COMMENTARY: Sept. 11 Continues to Cast Long, Sacramental Shadow

c. 2005 Religion News Service (UNDATED) Grief arises at dawn as big and blinding as the sun itself. So it did on the recent morning when New York City’s medical examiner’s office announced that it “had exhausted all possible means of identifying human remains” from the Sept. 11 destruction of the Trade Towers. This news […]

c. 2005 Religion News Service

(UNDATED) Grief arises at dawn as big and blinding as the sun itself. So it did on the recent morning when New York City’s medical examiner’s office announced that it “had exhausted all possible means of identifying human remains” from the Sept. 11 destruction of the Trade Towers.

This news story, published by The New York Times, was more revelation of mystery than reportage of fact. The message to the families of the 1,161 victims that remain unidentified is also addressed to everyone who has ever loved or wept for a loss, reminding us of how invested with the eternal are the flesh and bone of the persons we cherish in time.


Other recent news events intrigue us briefly and disappear without a trace. They were well symbolized by the sluglike television trucks with divining-rod antennae feeding off two events in that Valhalla of the ephemeral, California _ the Academy Awards and the Michael Jackson trial. These vehicle herds record America’s one-night stands with celebrity that it can barely remember in the morning, much less a month later.

Sept. 11 rises above these news events as great actors do above the awards because it remains the great sacramental event of our age whose mystery makes time holy even as it transcends it. In the heartbreak of its stricken families we recognize our own so that we can see in each other’s faces that we are all indeed within six degrees of separation.

The announcement dashed Kathy Bowden’s hopes that “some part, any part, of her brother, Thomas H. Bowden, Jr., might be included in a burial. … Her family will probably go ahead with a burial this spring with only some personal effects and some dust from ground zero.”

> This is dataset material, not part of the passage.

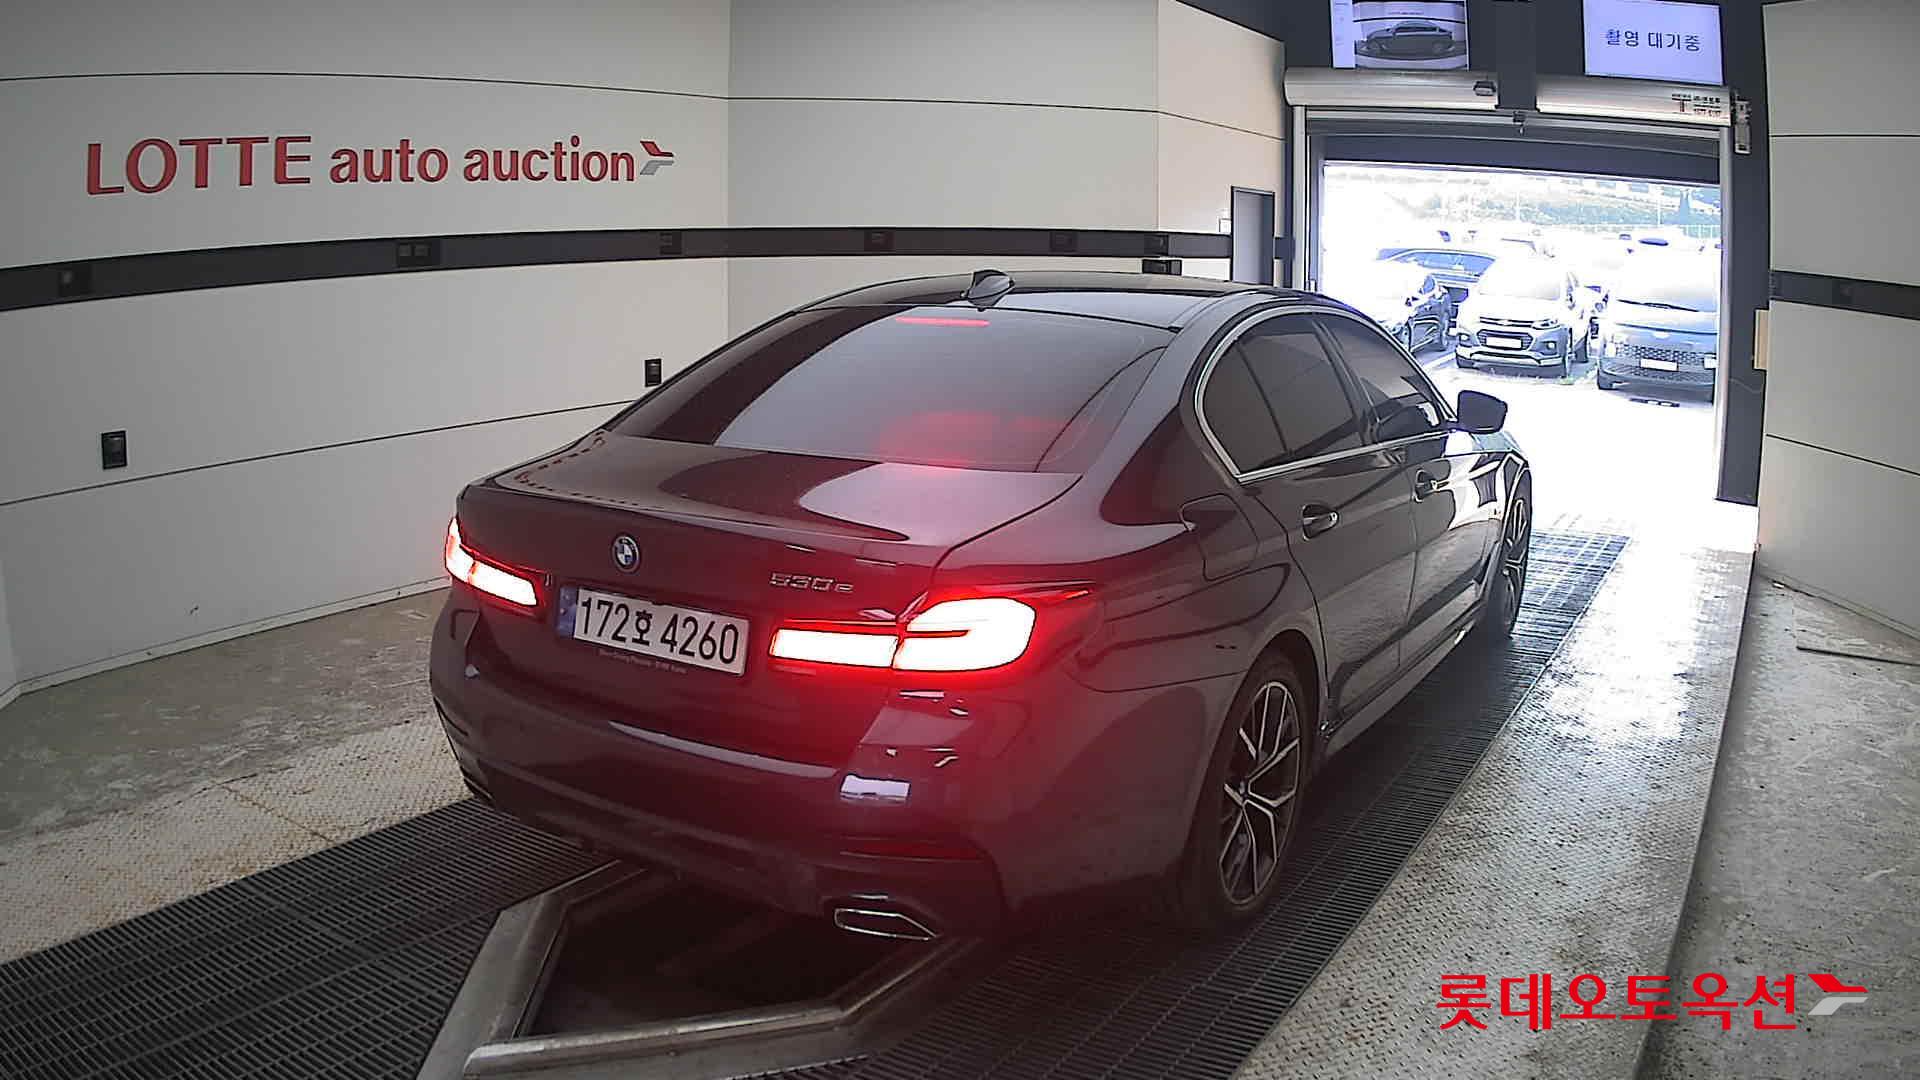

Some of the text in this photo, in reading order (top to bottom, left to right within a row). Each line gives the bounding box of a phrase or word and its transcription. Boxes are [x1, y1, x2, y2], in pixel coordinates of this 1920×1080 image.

Matthew T. Sellitto wondered whether he would now get another phone call. The New York Times reported that after city officials had “informed the family three times that they had pieces of his son, Matthew C. Sellitto, he asked them not to call again until all the forensic work was completed. “`We knew the day was coming eventually, but it’s still bittersweet,’ he said.”

And Meena Jerath stroked the razorlike double edge of loss when she spoke of Prem Nath Jerath: “I am very sad and hurt that the identification process has ended without finding any trace of my husband. … On the other side, part of me is relieved that no tiny fragment was found. … If only a small piece were found, I would wonder what happened to the rest of him. What were his last moments like? Did he suffer a lot?”

All the heartache of all of time is found in these stories about people whose names may never appear in the newspapers again. They are Lenten acolytes bearing the invisible but searing mark of the ashes that they long only to bury tenderly, knowing that they contain the wholeness of the persons they loved so much. “These fragments,” T.S. Eliot wrote, “I have shored against my ruins.”

This is our mystery because there is no explanation for why it engulfs us except that if we are blessed with love that is eternal we must accept the losses, great and small, that come through experiencing it in time. A thousand small losses shower down on us in fragments, seeping into our days like time-released aspirins.


The mystery is that lovers live at such close range that they can hurt each other easily, thoughtlessly, forgetfully, without ever meaning to do so. Lovers grow closer together by collecting, mourning and burying these little fragments all the time.

Sept. 11 was not a triumph for terrorists but for these lovers who reveal the depths of the mystery of ordinary living in their simple yearning to touch again those taken up in the twinkling of an eye on that day. We read again in a different light (John 6) the instruction of Jesus after he broke the loaves to feed the people: “Gather up the fragments that remain that nothing be lost.”

(Eugene Cullen Kennedy, a longtime observer of the Roman Catholic Church, is professor emeritus of psychology at Loyola University in Chicago and author of “Cardinal Bernardin’s Stations of the Cross,” published by St. Martin’s Press.)